We can estimate calorie intake based upon the utilisation of prediction equations. However, it is important to stress the word ‘PREDICTION’. These equations provide an estimate of energy expended at rest – Basal Metabolic Rate (BMR) or Resting Metabolic Rate (RMR). This is then multiplied by an estimated physical activity level (PAL), incorporating work and physical activity. These estimates are not perfect and have their limitations. However, having said that they can provide an initial ball park figure for calorie intake, from which you can then re-evaluate progress using the tracking methods outlined in the previous article and making energy intake adjustments accordingly.
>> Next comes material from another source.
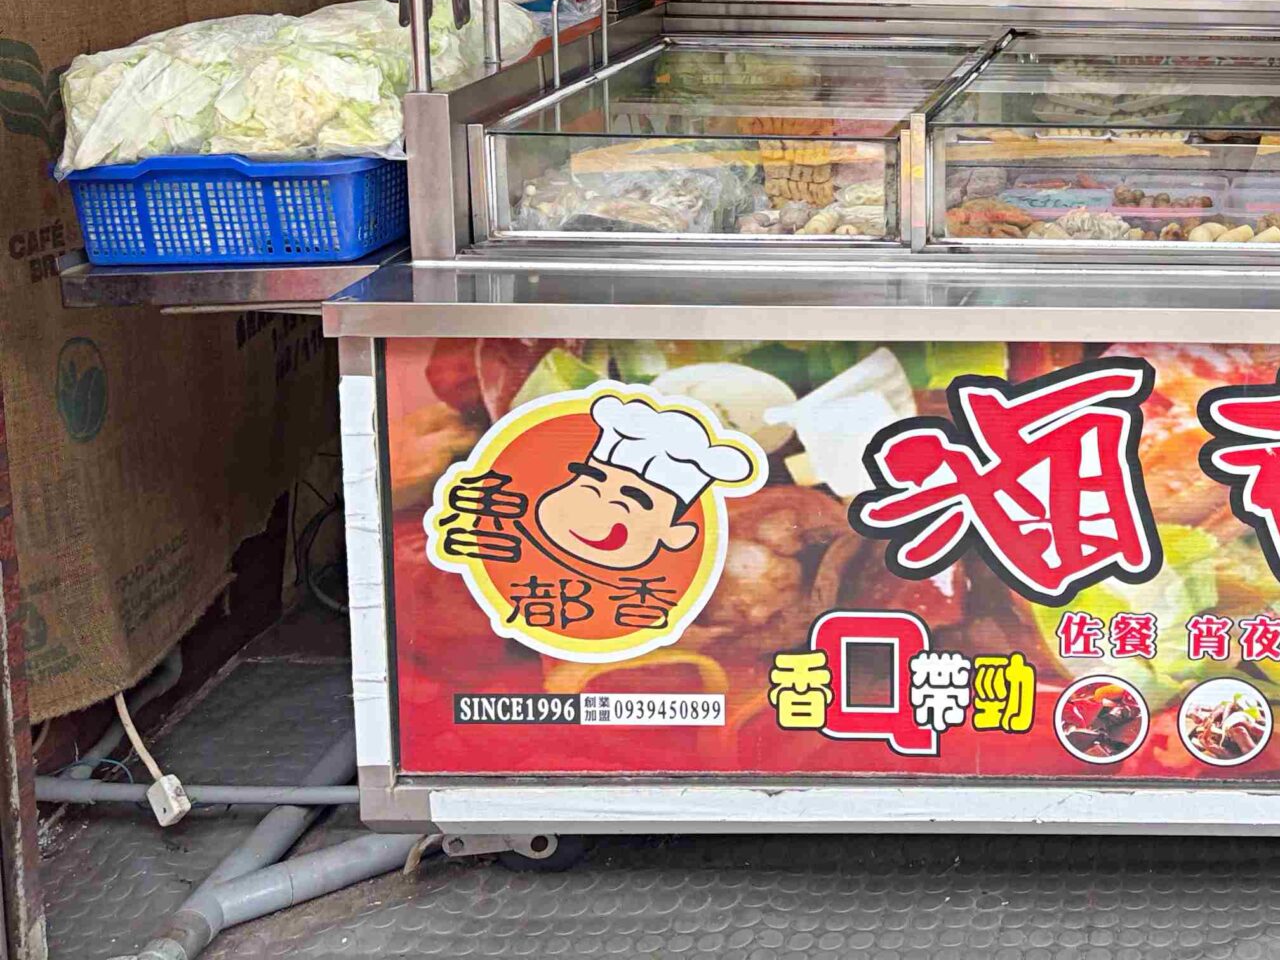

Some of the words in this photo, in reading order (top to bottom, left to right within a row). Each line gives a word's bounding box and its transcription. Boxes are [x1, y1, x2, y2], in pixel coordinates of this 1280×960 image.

Three of the most popular popular equations for estimating BMR/RMR include:
(1) Harris and Benedict – incorporates height (cm), weight (kg) and age (years)
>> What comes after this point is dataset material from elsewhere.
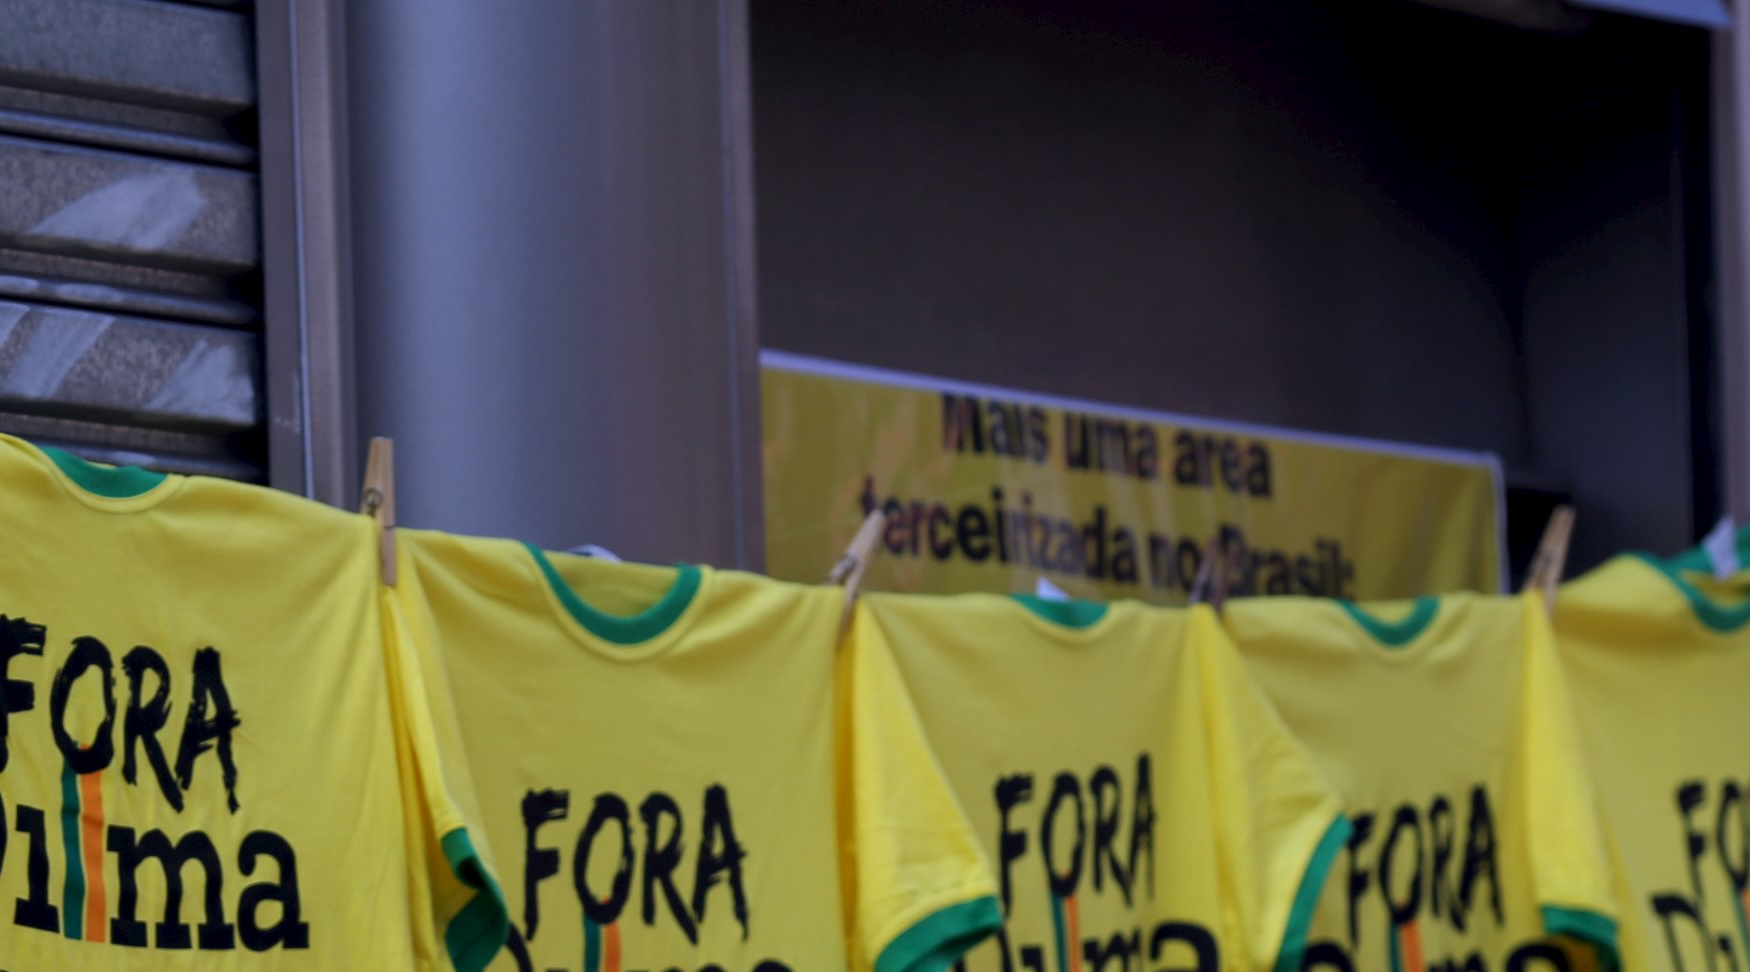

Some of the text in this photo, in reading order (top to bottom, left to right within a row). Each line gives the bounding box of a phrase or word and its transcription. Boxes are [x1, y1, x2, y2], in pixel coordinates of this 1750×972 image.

[1062, 411, 1159, 477] uma
[521, 782, 748, 945] FORA
[994, 751, 1158, 923] FORA
[1346, 783, 1504, 951] FORA
(2) Cunningham – incorporates fat-free mass (kg)
(3) Schoefield – incorporates weight (kg) and age (years)
The purpose of such equations has been to predict energy expenditures within the general population and have also been used with active and athletic individuals. However, it is important to acknowledge that these equations were not based upon individuals who have large amounts of muscle mass, such as rugby players. Research amongst senior professional rugby league players found that measured RMR was 16.5% (approximately 310kcal) lower than that predicted via the Cunningham equation. Furthermore, Cunningham, Harris-Benedict and Schoefield equations typically underestimated total energy expenditure (TEE) for u16 to u24 rugby league and union players, although an over prediction was seen in some instances, highlighting the great individual variability in predictions.
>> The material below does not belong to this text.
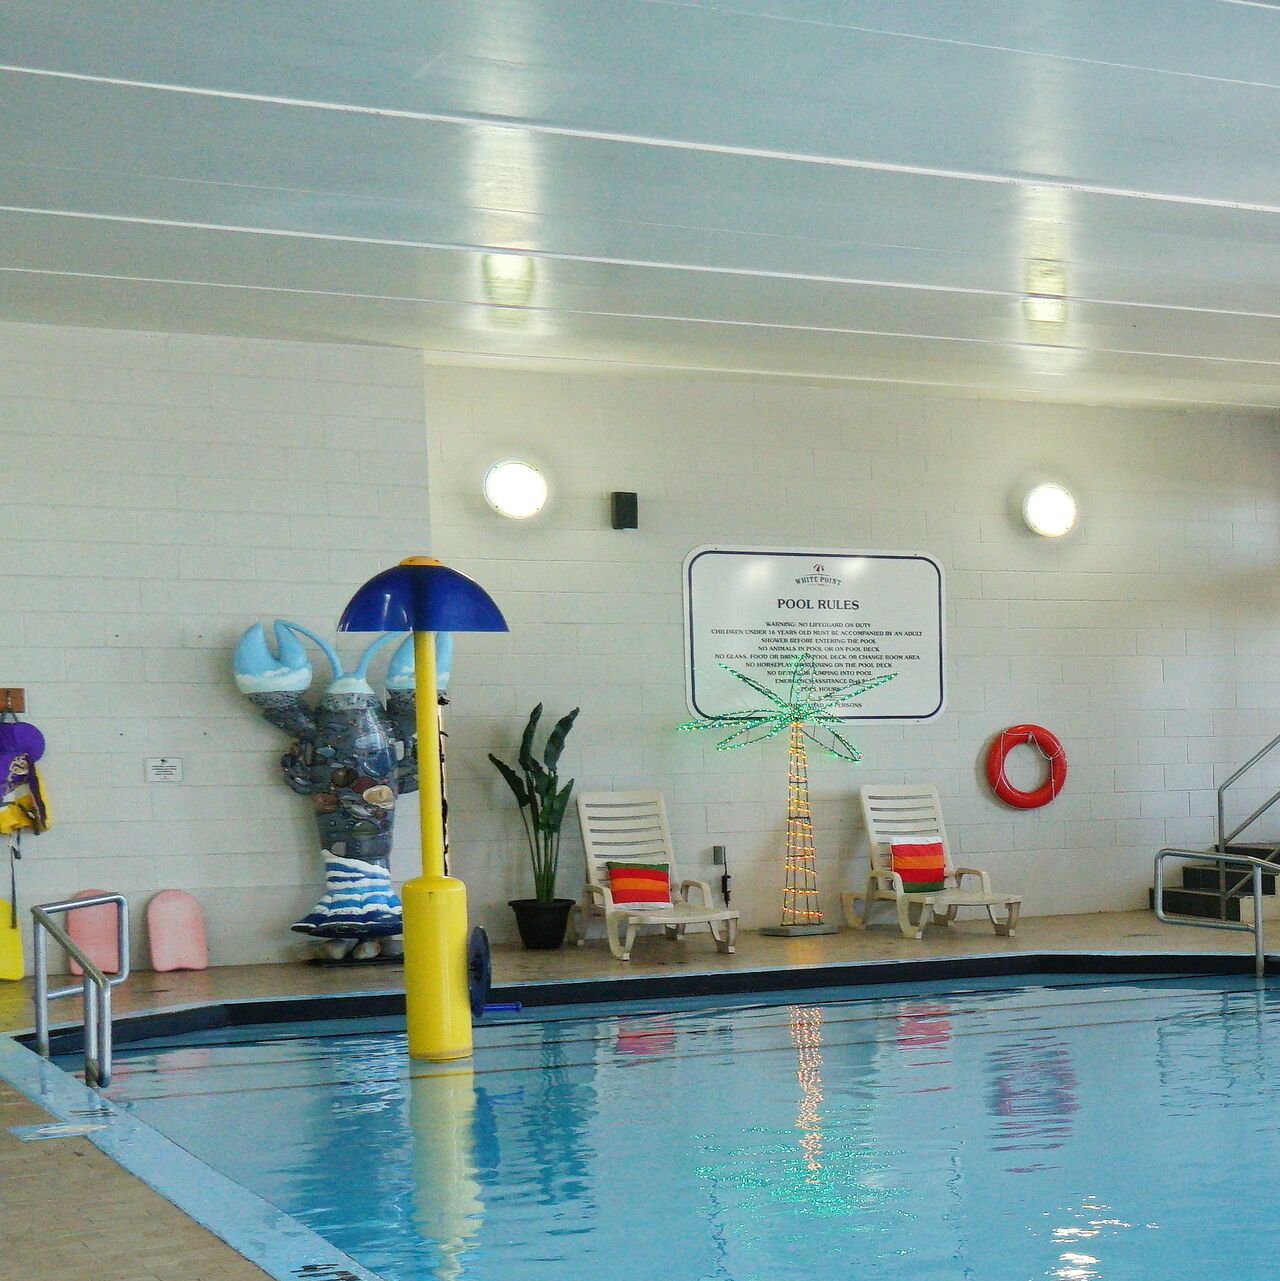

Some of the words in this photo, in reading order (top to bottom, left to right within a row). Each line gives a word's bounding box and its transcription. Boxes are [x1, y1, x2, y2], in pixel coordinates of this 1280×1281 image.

[794, 576, 818, 585] WHITE
[820, 577, 843, 586] POINT
[777, 598, 814, 610] POOL
[818, 599, 860, 611] RULES
It is therefore important to remember the limitations of energy expenditure prediction equations, particularly within athletes. Their use however may give an approximate initial starting point from which this can then be adapted to the individual and re-evaluated based upon progress. As mentioned above to calculate estimated total energy energy expenditure you must first utilise a prediction equation to estimate the energy you expend at rest. This is then multiplied by PAL value that corresponds to your self-estimated activity demands. Below is a table outlining the range of PAL values from which to base your estimation.
Although useful, the above can be confusing for individuals when trying to estimate both their expenditure during the day (e.g. job) and training. We are not all professional rugby players and therefore have to consider expenditure at work/school etc. The below table outlines the estimated PAL for differing levels of activity.
A PAL of 1.6 represents the average activity level of a normally active individual, but sedentary for periods. 2.0-2.5 is considered the PAL for athletes engaging in normal training, whereas a PAL of 2.5-4.0 for athletes engaged in rigorous training/competition. In reference to the above PAL guide, a 2.0 PAL was utilised for professional Australian rugby union players during the pre-season, based upon 1.6-1.7 PAL (seated work with discretion to move around) and addition of 0.3 (significant amounts of sport and strenuous activity). For further context, an average PAL for rugby union players (U16-U24) who were training/competing in-season was 2.0±0.4.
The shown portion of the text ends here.